En 1916, date à laquelle Freud prononce ses leçons, la psychanalyse souffre de nombreuses critiques, comme ce fut le cas des théories coperniciennes et darwiniennes en leur temps. Ainsi, il s’inscrit non seulement dans cette lignée des grandes découvertes scientifiques qui ont bouleversé la manière dont l’humanité se représentait sa place au sein du monde, mais il explique aussi pourquoi ces théories rencontrent des résistances : c’est parce qu’elles s’attaquent au moi et l’humilient. Cette nouvelle discipline qu’est la psychanalyse décentre l’homme à la manière de Copernic et de Darwin. Reste à la psychanalyse à lutter contre ces résistances et à inciter ses détracteurs à plus de modestie.
Texte
"C’est en attribuant une importance pareille à l’inconscient dans la vie psychique que nous avons dressé contre la psychanalyse les plus méchants esprits de la critique. Ne vous en étonnez pas et ne croyez pas que la résistance qu’on nous oppose tienne à la difficulté de concevoir l’inconscient ou à l’inaccessibilité des expériences qui s’y rapportent.
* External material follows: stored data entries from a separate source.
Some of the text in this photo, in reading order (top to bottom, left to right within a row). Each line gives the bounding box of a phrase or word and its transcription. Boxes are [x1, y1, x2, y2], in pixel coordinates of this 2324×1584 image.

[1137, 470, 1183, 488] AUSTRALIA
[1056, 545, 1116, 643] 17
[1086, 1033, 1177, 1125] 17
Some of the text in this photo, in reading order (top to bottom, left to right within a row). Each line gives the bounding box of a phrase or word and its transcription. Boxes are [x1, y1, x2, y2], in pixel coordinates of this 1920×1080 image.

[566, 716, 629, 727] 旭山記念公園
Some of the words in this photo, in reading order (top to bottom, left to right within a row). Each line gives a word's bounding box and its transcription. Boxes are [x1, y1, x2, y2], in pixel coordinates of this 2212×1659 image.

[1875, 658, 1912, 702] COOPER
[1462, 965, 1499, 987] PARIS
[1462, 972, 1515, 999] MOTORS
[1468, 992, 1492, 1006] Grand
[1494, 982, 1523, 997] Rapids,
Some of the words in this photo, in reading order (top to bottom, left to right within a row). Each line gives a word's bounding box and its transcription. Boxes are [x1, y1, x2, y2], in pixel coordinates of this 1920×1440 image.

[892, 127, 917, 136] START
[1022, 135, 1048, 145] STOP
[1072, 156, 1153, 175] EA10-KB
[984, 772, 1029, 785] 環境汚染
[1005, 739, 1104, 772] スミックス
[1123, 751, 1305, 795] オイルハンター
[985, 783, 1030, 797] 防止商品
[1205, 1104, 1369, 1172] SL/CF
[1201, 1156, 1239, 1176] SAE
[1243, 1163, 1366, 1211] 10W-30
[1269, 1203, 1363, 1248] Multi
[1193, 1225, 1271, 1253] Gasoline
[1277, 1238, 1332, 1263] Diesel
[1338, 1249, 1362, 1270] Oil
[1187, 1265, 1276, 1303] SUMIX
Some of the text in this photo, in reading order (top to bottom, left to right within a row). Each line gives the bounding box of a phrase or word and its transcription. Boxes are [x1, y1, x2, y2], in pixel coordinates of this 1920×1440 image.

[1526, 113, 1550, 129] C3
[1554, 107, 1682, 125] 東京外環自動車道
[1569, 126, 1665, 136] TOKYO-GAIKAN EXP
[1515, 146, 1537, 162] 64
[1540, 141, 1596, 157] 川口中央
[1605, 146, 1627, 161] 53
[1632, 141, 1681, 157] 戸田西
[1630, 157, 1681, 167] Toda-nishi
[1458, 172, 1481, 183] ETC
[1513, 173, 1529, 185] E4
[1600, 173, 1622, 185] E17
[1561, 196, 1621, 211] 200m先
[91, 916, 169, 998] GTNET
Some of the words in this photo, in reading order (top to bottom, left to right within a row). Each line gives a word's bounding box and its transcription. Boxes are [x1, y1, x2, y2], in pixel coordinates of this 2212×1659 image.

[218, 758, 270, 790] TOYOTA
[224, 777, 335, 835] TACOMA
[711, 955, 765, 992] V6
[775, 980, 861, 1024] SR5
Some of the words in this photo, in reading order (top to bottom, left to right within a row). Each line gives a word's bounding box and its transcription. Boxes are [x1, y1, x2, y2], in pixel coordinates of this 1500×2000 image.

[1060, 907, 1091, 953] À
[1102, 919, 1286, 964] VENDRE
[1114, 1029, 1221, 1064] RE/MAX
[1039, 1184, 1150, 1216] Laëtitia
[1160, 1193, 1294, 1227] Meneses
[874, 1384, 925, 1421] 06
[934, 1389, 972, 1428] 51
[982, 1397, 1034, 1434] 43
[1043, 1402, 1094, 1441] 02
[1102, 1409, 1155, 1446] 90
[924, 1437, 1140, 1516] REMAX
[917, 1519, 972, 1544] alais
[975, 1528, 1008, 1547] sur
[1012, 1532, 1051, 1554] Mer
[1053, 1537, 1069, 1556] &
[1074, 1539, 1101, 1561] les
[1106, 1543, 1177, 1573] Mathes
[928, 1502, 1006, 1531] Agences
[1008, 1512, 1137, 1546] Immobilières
Dans le cours des siècles, la science a infligé à l'égoïsme naïf de l'humanité deux graves démentis.
La première fois, ce fut lorsqu'elle a montré que la terre, loin d'être le centre de l'univers, ne forme qu'une parcelle insignifiante du système cosmique dont nous pouvons à peine nous représenter la grandeur. Cette première démonstration se rattache pour nous au nom de Copernic, bien que la science alexandrine ait déjà annoncé quelque chose de semblable.
Le second démenti fut infligé à l'humanité par la recherche biologique, lorsqu'elle a réduit à rien les prétentions de l'homme à une place privilégiée dans l'ordre de la création, en établissant sa descendance du règne animal et en montrant l'indestructibilité de sa nature animale. Cette dernière révolution s'est accomplie de nos jours, à la suite des travaux de Ch. Darwin, de Wallace et de leurs prédécesseurs, travaux qui ont provoqué la résistance la plus acharnée des contemporains.
Un troisième démenti sera infligé à la mégalomanie humaine par la recherche psychologique de nos jours qui se propose montrer au moi qu'il n'est seulement pas maître dans sa propre maison, qu'il en est réduit à se contenter de renseignements rares et fragmentaires sur ce qui se passe, en dehors de sa conscience, dans sa vie psychique.
Les psychanalystes ne sont ni les premiers ni les seuls qui aient lancé cet appel à la modestie et au recueillement, mais c'est à eux que semble échoir la mission d'étendre cette manière de voir avec le plus d'ardeur et de produire à son appui des matériaux empruntés à l'expérience et accessibles à tous. D'où la levée générale de boucliers contre notre science, l'oubli de toutes les règles de politesse académique, le déchaînement d'une opposition qui secoue toutes les entraves d'une logique impartiale."
- Sigmund Freud, Introduction à la psychanalyse (1917), Chapitre XVIII, "Rattachement à un traumatisme. L'inconscient", trad. S. Jankelevitch, Payot, 1923, p. 308-309 (disponible en ligne sur Wikisource ici).